> _AVAILABLE DATA_:
───

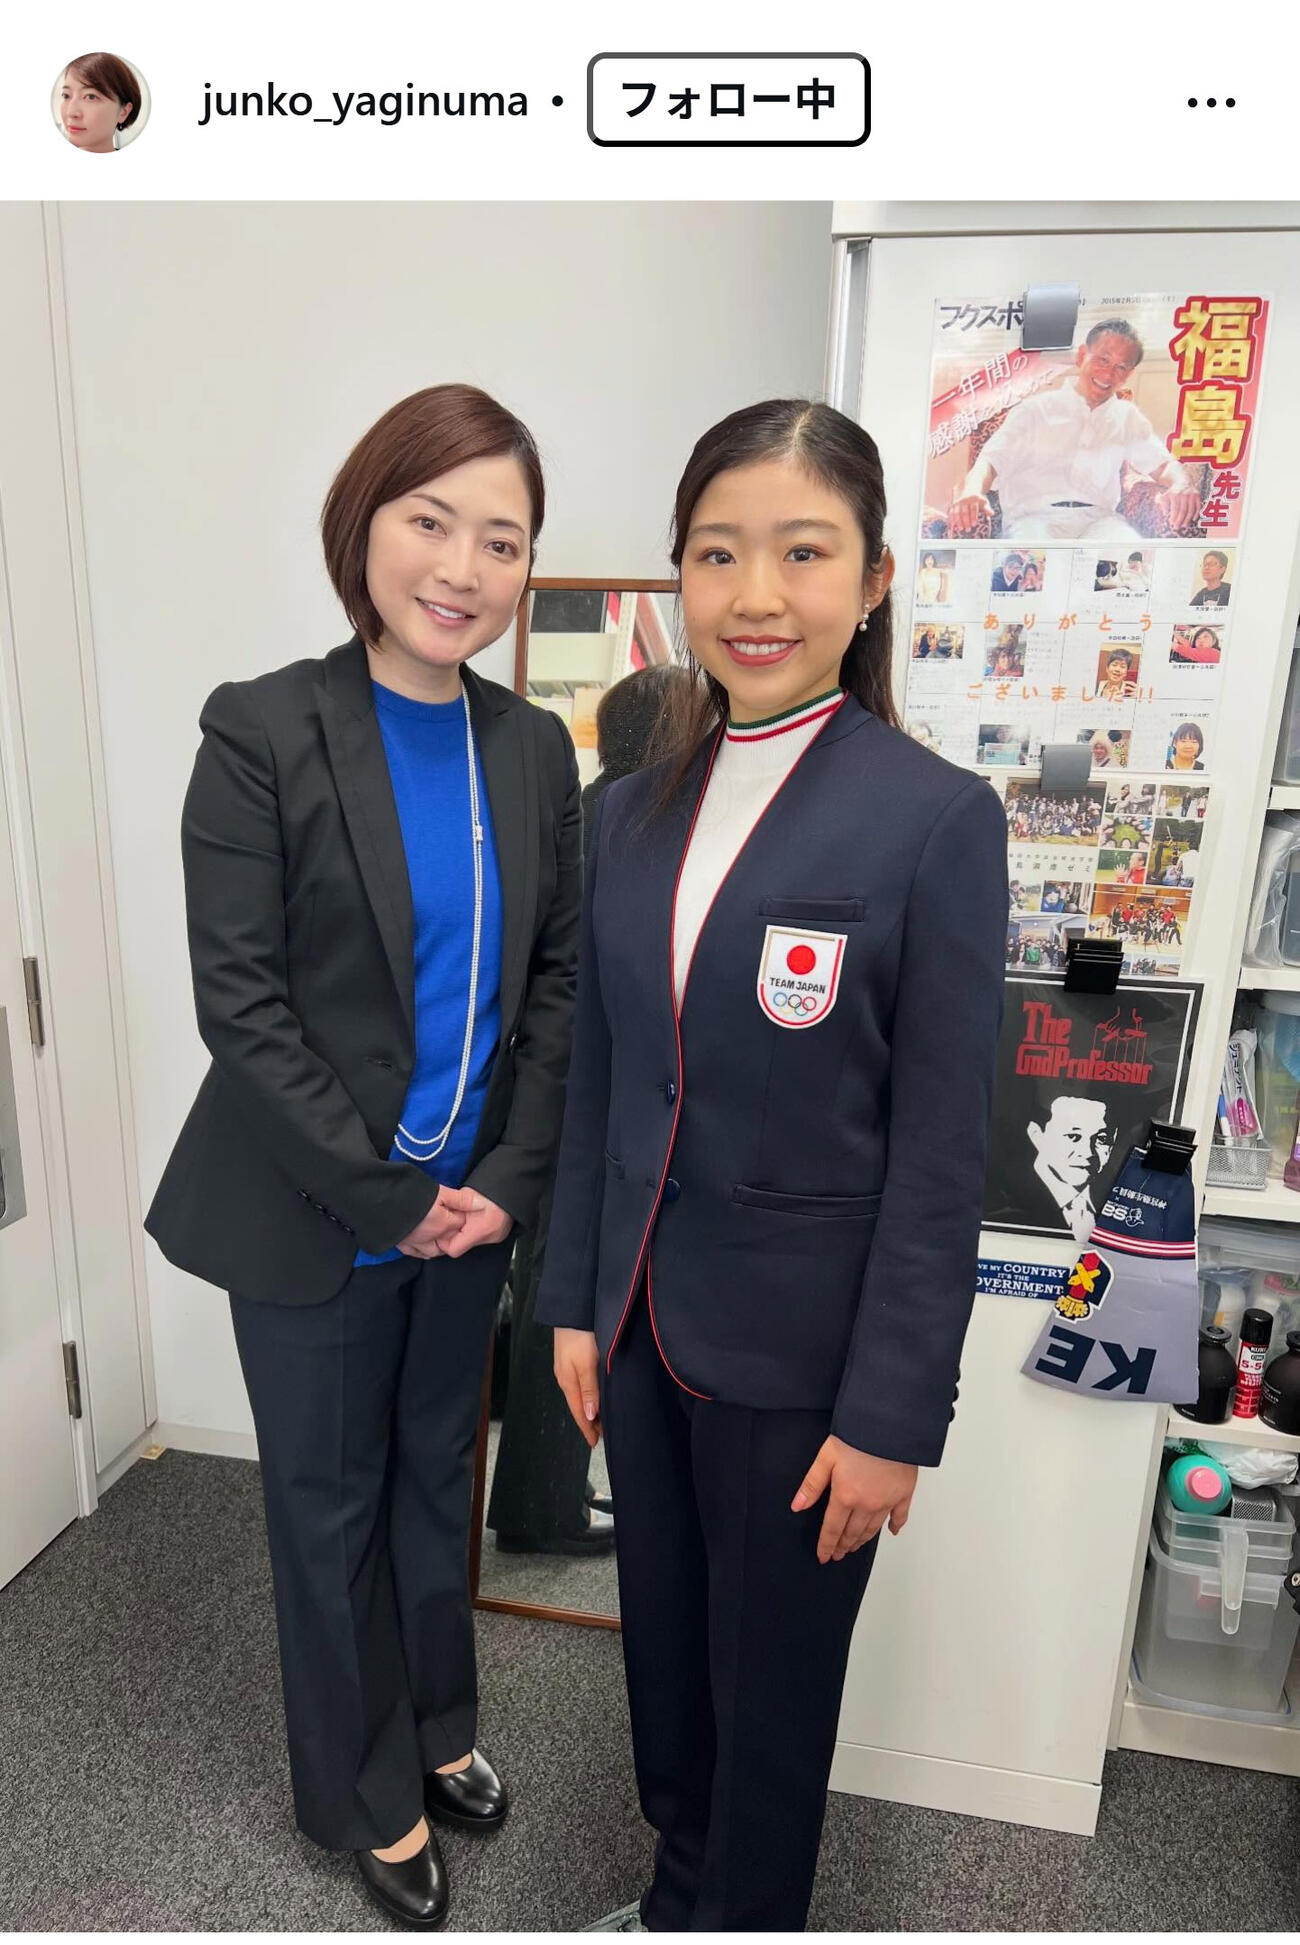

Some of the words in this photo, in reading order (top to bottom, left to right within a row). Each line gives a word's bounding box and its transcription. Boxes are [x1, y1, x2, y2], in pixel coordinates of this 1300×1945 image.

[1170, 297, 1262, 468] 福島
[1200, 471, 1241, 527] 先生
[769, 977, 795, 990] TEAM
[795, 981, 826, 994] JAPAN
[1022, 1001, 1073, 1045] The
[1015, 1043, 1153, 1085] GodProfessor
[1003, 1263, 1066, 1279] COUNTRY
[1013, 1274, 1030, 1282] THE
[976, 1276, 1065, 1296] OVERNMENT.
[999, 1288, 1026, 1298] AFRAID
[1241, 1359, 1265, 1371] 5-5
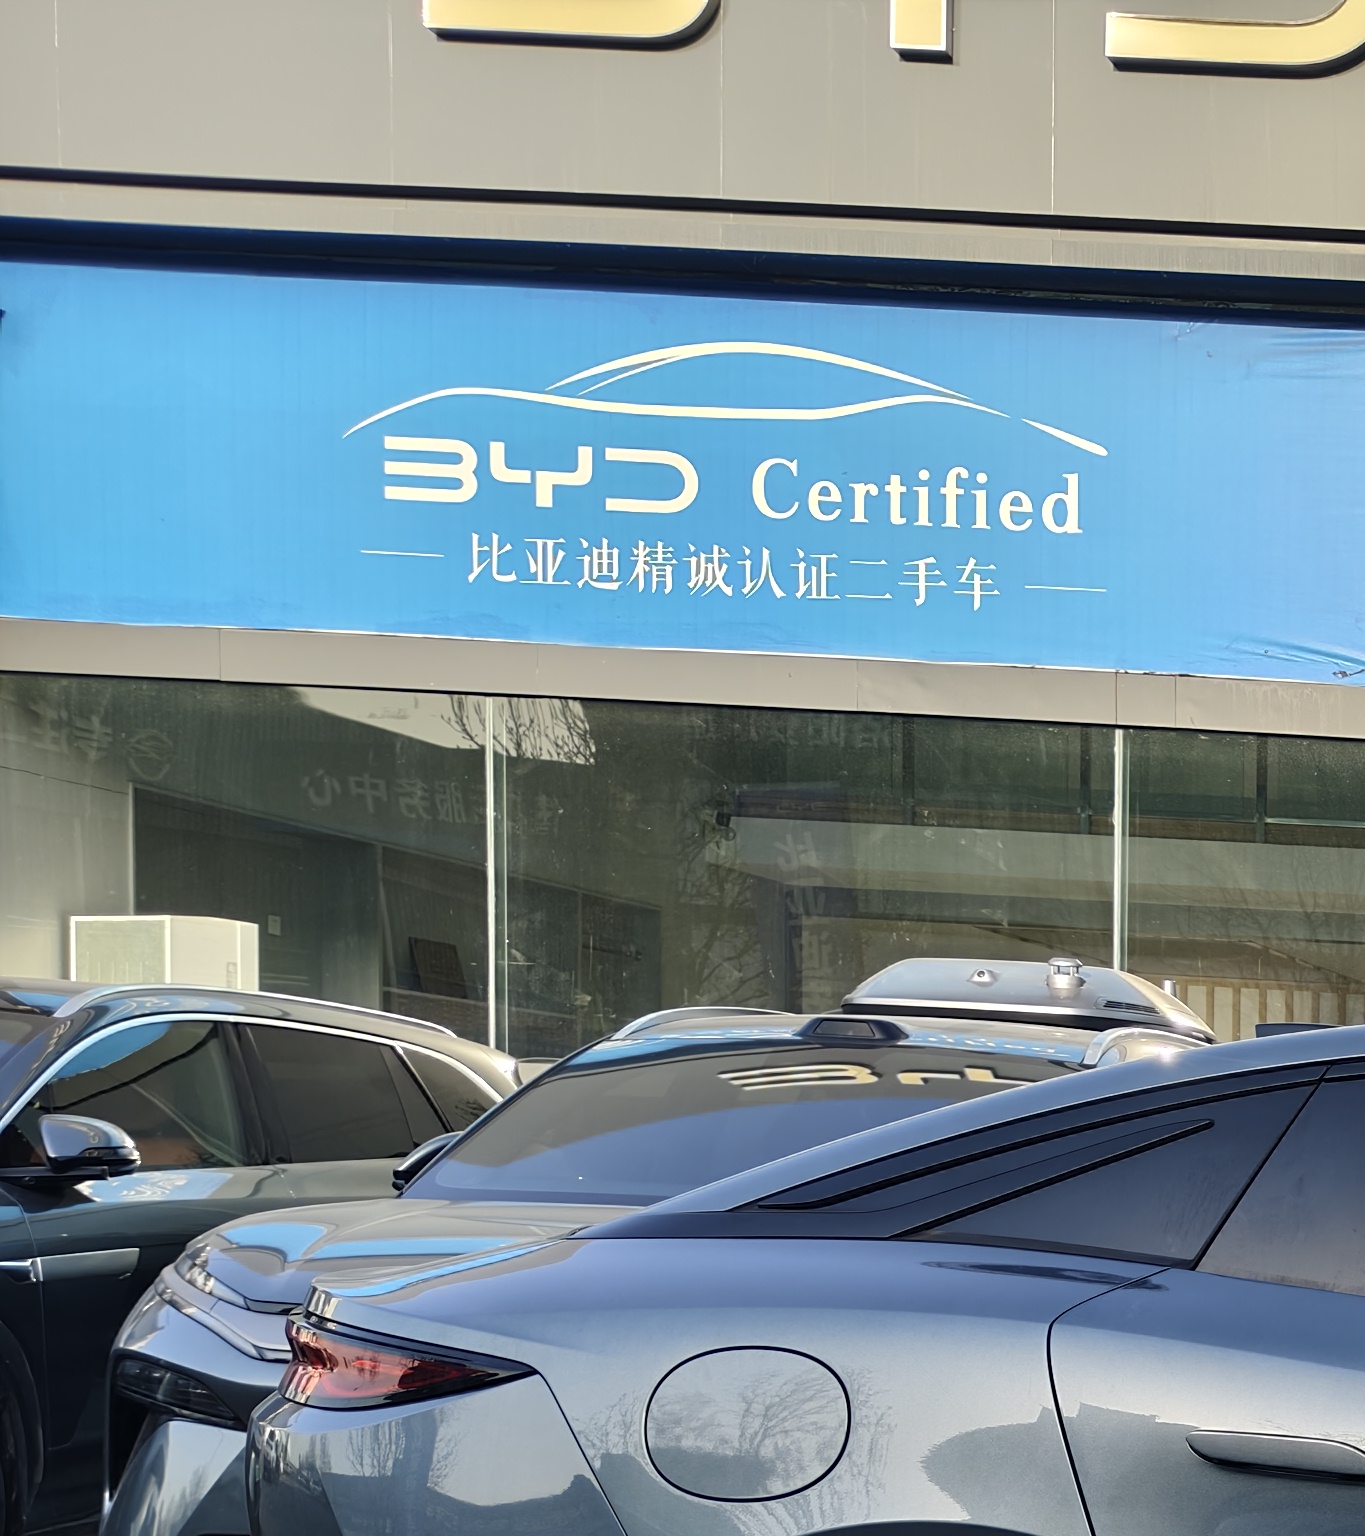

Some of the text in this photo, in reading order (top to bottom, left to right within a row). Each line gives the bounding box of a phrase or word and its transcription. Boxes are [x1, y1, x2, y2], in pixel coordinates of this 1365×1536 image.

───

> _WHAT TO PRODUCE_: In your copy of the records above, include no pictures and match every line exactly.

> _ANSWER TO THIS TASK_:
Some of the words in this photo, in reading order (top to bottom, left to right within a row). Each line gives a word's bounding box and its transcription. Boxes are [x1, y1, x2, y2], in pixel coordinates of this 1300×1945 image.

[1170, 297, 1262, 468] 福島
[1200, 471, 1241, 527] 先生
[769, 977, 795, 990] TEAM
[795, 981, 826, 994] JAPAN
[1022, 1001, 1073, 1045] The
[1015, 1043, 1153, 1085] GodProfessor
[1003, 1263, 1066, 1279] COUNTRY
[1013, 1274, 1030, 1282] THE
[976, 1276, 1065, 1296] OVERNMENT.
[999, 1288, 1026, 1298] AFRAID
[1241, 1359, 1265, 1371] 5-5

Some of the text in this photo, in reading order (top to bottom, left to right within a row). Each line gives the bounding box of a phrase or word and its transcription. Boxes are [x1, y1, x2, y2], in pixel coordinates of this 1365×1536 image.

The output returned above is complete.